**REQUIREMENT**:
In the data below, retype exactly the line that contains "this 1333×1333 image." and every line after it, through the last.
== THE RECORDS ==
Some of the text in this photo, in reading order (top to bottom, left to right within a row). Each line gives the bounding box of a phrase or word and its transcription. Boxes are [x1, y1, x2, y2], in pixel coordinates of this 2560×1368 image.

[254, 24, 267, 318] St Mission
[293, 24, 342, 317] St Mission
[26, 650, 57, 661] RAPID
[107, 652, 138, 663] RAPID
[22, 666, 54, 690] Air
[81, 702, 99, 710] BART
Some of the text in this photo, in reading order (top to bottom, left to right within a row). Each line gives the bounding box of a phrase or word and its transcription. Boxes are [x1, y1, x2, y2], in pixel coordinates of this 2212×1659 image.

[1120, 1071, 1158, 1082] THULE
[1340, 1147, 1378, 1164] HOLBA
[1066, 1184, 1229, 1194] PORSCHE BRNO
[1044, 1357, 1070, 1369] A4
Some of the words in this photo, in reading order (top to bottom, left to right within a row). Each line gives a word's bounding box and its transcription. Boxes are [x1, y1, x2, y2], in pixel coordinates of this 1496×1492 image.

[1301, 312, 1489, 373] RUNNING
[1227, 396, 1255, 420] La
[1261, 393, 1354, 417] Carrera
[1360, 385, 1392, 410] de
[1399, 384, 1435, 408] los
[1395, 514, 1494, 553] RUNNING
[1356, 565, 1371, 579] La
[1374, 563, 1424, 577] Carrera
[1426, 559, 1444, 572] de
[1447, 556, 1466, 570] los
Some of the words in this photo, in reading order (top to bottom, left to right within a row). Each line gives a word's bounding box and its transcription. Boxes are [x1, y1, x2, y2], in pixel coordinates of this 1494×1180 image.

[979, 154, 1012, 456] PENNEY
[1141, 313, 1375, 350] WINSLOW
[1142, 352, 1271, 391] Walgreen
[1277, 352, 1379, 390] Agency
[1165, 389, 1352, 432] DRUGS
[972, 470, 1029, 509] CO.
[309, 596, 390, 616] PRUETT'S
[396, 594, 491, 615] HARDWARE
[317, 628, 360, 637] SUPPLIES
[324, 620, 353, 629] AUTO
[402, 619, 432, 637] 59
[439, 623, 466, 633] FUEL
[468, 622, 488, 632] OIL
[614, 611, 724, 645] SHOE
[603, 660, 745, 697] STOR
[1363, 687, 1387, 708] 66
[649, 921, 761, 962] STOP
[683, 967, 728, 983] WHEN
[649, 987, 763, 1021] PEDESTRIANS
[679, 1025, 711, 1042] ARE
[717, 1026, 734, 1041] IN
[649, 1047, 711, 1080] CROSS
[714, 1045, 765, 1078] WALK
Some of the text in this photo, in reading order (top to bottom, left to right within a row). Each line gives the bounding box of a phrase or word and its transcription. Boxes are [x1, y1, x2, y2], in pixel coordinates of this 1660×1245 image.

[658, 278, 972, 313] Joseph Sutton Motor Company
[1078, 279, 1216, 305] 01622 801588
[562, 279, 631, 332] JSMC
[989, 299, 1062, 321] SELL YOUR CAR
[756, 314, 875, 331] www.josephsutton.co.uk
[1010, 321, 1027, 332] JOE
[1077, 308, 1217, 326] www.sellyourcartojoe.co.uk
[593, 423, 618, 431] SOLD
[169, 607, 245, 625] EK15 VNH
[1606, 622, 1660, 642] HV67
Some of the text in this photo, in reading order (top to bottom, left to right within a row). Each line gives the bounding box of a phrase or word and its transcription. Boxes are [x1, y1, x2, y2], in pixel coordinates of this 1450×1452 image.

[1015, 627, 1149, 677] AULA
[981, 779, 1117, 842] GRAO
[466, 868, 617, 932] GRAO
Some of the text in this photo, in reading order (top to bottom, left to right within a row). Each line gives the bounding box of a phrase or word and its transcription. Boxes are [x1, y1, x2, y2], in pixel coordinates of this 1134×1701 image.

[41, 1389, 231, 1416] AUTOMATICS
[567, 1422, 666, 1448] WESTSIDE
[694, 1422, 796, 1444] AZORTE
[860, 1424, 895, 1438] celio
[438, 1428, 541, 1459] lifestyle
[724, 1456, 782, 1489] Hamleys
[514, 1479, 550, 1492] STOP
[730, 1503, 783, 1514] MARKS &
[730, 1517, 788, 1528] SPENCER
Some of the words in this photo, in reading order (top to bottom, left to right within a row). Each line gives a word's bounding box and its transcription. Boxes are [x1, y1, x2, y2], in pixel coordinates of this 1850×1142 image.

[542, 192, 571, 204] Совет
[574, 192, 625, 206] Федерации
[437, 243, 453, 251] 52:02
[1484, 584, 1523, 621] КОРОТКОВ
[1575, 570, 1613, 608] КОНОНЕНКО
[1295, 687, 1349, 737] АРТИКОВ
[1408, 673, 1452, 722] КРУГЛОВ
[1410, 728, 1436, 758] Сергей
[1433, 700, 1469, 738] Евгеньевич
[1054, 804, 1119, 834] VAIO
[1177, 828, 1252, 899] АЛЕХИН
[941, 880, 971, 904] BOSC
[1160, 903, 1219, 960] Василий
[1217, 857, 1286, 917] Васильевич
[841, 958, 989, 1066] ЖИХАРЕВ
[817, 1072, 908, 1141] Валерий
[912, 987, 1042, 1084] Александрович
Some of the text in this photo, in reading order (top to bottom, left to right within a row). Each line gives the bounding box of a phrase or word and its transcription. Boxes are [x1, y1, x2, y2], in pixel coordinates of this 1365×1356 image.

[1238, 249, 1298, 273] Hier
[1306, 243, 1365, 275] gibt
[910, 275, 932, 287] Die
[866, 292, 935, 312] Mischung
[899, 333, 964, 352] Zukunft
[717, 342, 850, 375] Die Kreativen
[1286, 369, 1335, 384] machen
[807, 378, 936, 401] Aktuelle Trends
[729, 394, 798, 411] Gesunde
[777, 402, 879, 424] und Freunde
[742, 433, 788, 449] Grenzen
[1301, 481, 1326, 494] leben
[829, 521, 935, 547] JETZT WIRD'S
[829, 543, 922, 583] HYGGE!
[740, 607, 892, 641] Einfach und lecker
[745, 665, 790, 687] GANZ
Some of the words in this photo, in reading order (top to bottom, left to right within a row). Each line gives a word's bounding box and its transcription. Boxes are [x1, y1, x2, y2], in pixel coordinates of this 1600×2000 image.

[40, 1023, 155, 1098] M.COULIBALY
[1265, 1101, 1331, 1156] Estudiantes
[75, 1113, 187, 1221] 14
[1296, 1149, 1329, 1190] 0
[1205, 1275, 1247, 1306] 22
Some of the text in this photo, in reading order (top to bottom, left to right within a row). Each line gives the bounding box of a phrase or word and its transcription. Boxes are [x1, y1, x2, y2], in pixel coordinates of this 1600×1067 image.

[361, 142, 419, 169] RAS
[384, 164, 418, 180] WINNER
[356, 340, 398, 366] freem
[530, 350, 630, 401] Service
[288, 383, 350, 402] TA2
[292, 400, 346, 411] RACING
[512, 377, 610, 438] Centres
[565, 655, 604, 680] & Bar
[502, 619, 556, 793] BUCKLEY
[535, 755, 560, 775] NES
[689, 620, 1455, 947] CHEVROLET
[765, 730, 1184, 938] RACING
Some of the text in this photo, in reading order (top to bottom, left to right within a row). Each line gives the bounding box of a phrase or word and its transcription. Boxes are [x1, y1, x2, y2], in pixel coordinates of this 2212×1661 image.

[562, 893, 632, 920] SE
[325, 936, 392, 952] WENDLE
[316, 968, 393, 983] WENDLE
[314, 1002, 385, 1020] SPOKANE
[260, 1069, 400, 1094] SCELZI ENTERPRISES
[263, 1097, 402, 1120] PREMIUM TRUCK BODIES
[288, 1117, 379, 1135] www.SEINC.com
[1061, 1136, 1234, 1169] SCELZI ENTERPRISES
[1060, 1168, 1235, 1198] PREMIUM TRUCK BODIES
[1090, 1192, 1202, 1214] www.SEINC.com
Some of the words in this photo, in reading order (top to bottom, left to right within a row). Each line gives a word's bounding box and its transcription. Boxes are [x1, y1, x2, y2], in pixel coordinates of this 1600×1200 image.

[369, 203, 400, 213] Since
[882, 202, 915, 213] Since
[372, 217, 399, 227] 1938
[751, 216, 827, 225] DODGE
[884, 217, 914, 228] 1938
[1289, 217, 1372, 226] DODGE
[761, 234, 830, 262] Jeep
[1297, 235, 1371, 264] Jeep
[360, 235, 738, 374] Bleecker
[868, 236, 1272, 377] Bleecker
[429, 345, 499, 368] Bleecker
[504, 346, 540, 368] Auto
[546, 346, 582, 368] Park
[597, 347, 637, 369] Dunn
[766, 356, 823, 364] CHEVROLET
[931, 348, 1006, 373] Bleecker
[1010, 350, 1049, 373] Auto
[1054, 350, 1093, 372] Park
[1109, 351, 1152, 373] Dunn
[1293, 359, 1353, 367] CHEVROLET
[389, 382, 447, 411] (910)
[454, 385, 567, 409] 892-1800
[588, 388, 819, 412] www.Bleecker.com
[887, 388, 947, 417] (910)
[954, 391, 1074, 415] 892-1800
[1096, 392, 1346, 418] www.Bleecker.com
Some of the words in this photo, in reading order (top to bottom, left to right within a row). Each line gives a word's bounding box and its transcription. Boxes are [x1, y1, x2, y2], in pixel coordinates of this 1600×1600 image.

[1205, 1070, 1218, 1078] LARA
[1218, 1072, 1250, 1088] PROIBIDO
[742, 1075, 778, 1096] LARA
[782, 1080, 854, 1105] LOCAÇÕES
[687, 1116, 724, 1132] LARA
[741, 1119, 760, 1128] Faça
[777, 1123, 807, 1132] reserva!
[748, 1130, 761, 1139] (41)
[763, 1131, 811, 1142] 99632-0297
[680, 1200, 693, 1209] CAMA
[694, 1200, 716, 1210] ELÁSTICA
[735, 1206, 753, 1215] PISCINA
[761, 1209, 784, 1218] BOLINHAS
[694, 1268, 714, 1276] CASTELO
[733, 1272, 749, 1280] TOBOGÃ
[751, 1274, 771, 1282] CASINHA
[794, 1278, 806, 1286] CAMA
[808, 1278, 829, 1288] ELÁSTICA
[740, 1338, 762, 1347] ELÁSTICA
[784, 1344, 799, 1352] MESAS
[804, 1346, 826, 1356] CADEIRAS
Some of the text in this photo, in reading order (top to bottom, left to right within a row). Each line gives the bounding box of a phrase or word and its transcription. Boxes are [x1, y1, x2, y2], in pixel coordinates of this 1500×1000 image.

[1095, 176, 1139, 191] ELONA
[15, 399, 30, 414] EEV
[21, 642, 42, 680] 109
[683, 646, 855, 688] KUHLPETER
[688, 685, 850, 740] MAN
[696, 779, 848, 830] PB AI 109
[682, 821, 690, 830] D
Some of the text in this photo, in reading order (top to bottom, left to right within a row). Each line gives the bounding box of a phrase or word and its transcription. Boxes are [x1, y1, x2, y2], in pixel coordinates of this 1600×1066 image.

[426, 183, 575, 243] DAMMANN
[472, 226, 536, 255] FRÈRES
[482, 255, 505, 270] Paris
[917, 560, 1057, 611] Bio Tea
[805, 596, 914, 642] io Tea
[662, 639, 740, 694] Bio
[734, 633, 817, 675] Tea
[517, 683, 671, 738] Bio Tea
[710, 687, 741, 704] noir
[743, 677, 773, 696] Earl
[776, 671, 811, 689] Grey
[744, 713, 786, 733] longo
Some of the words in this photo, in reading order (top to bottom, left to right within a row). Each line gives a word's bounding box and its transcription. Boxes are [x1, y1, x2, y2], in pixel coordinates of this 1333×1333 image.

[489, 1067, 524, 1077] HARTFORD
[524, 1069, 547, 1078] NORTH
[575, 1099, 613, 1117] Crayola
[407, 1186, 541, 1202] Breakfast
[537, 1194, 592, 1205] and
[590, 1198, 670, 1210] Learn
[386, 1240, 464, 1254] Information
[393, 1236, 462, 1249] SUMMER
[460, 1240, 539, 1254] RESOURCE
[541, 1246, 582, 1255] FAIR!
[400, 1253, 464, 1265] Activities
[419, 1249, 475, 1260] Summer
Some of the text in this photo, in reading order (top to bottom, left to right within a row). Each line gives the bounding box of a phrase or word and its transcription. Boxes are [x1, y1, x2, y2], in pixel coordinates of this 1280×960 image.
===
**EXPECTED OUTPUT**:
Some of the words in this photo, in reading order (top to bottom, left to right within a row). Each line gives a word's bounding box and its transcription. Boxes are [x1, y1, x2, y2], in pixel coordinates of this 1333×1333 image.

[489, 1067, 524, 1077] HARTFORD
[524, 1069, 547, 1078] NORTH
[575, 1099, 613, 1117] Crayola
[407, 1186, 541, 1202] Breakfast
[537, 1194, 592, 1205] and
[590, 1198, 670, 1210] Learn
[386, 1240, 464, 1254] Information
[393, 1236, 462, 1249] SUMMER
[460, 1240, 539, 1254] RESOURCE
[541, 1246, 582, 1255] FAIR!
[400, 1253, 464, 1265] Activities
[419, 1249, 475, 1260] Summer
Some of the text in this photo, in reading order (top to bottom, left to right within a row). Each line gives the bounding box of a phrase or word and its transcription. Boxes are [x1, y1, x2, y2], in pixel coordinates of this 1280×960 image.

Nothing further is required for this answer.